We’ve heard this before…
FINN auto is a car subscription service founded in 2019 and has almost $1B in funding in 2023. They built their initial product on a combination low-code/no-code platforms before switching to pro-code (that is, writing code themselves). Their Staff Software Engineer, Ishtiaque Zafar, explained why.
“Airtable was our database of choice in the initial days. Reason: Ease of use, easy schema changes, quick rollbacks and snapshot recovery. We chose Airtable because everyone (and not just engineers) could work with it. Soon enough we had a database with more than 40 tables and the ‘cars’ table having nearly 400 fields! (Highly inefficient, we know.) To add to that, we had dozens of automated workflow reading and changing that data and soon our database gave up. Airtable comes with a limit of 5 requests per second per base. We were constantly hitting that target and started having more than 100 timeouts per day.”
That was just one of the issues they encountered.
Some low-code/no-code advocates pushed back, saying that FINN simply used the wrong technology for the job. That could have been the case. They might not have known which tool was the right tool. Maybe they didn’t know enough about database architecture or have enough expertise to properly evaluate the low-code/no-code platforms they wanted to use.
Do you see the problem with that argument? No matter what the circumstances of Finn’s transition from low-code/no-code to pro-code, whether it was a failure of Finn’s team, the tech itself, or a combination of both — they needed experts with deep technical knowledge.
That’s because building complex software is really hard. You can drag-and-drop a UI widget, but you can’t drag-and-drop data governance best practices.
Today, low-code/no-code is a popular choice for simple apps and static web pages, but that was true a decade ago. In all of that time, how low-code/no-code is being used hasn’t really changed.
So how are ChatGPT and other AI code generators different?
Low-code/no-code platforms promise you don’t need any expertise to be a software engineer. AI code generators, on the other hand, are in many ways promising the exact opposite — they’re platforms offering all of the expertise.
But it’s crucial to understand the difference between access to expertise and being able to use it.
To be very clear — this is super impressive. It generated the code for an entire game with a wildly simple prompt (“Write a program to implement the game of snake in Python”), and this isn’t even the latest version of ChatGPT.
But it couldn’t do it on its own, and it still can’t.
It needed a human expert to pilot it. That’s why another popular AI code generator, GitHub Copilot, is called, well, Copilot. AI code generators aren’t replacements for software engineers. Not yet. They are, however, great developer enablers.

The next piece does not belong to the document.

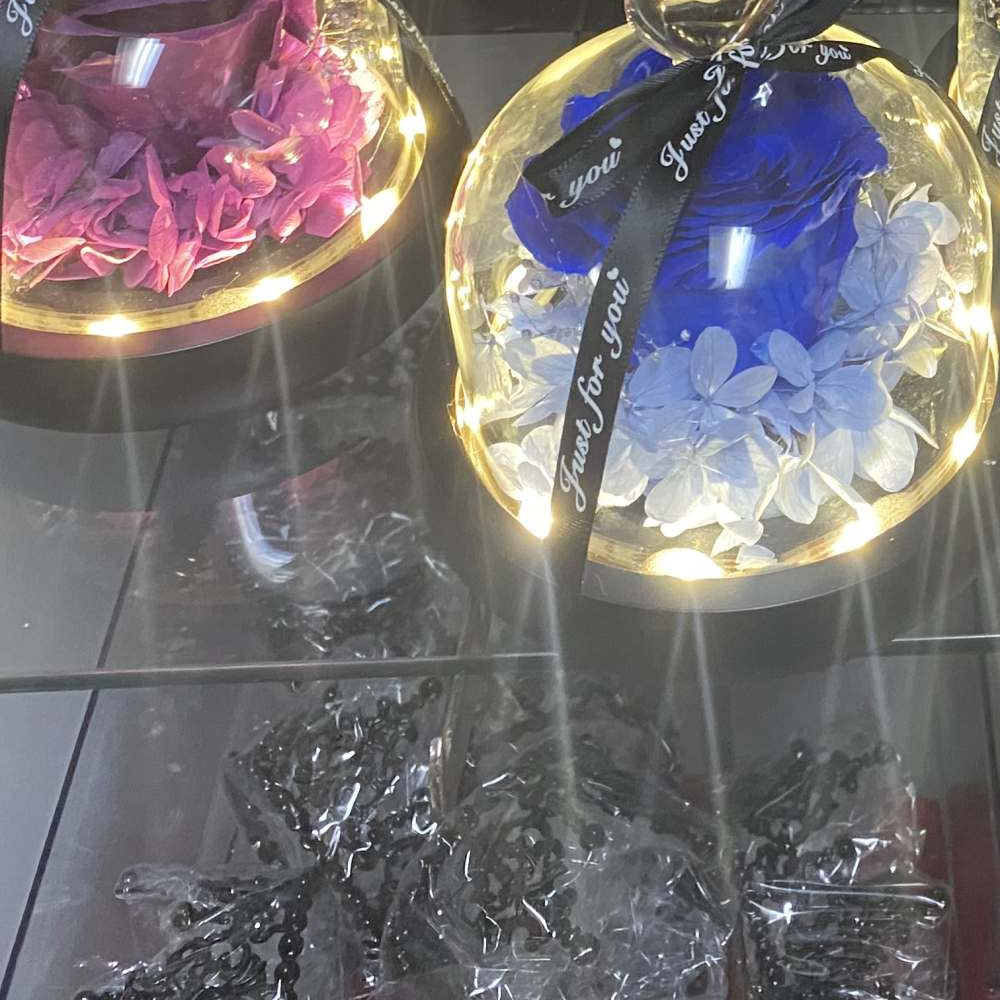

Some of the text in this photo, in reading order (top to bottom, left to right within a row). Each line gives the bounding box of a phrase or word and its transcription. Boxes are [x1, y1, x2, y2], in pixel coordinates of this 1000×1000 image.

And as cool as generating “Snake” is, it’s relatively straightforward (not including the part where you have to package and distribute the game). Ask a layperson you know to build a simple login system with ChatGPT for a mobile app and see what happens! Could they do it? Not today. Even a professional software engineer couldn’t rely on ChatGPT exclusively because software development isn’t just about writing blocks of code.
Bionic software engineers
So… when will you be able to replace your software engineers? That depends!
The more complex and integrated your software products are, the less soon you’ll be able to ditch humans. Probably not this decade. Plus, future laws and regulations we haven’t even conceived of yet governing pseudo-autonomous AI might bar it access to certain data types and services or from performing certain kinds of tasks.
In the meantime, instead of focusing on when you can replace flesh-and-blood software developers with machines, try being an advocate for AI as a tool for developer enablement. In sci-fi terms, think cyborgs instead of robots.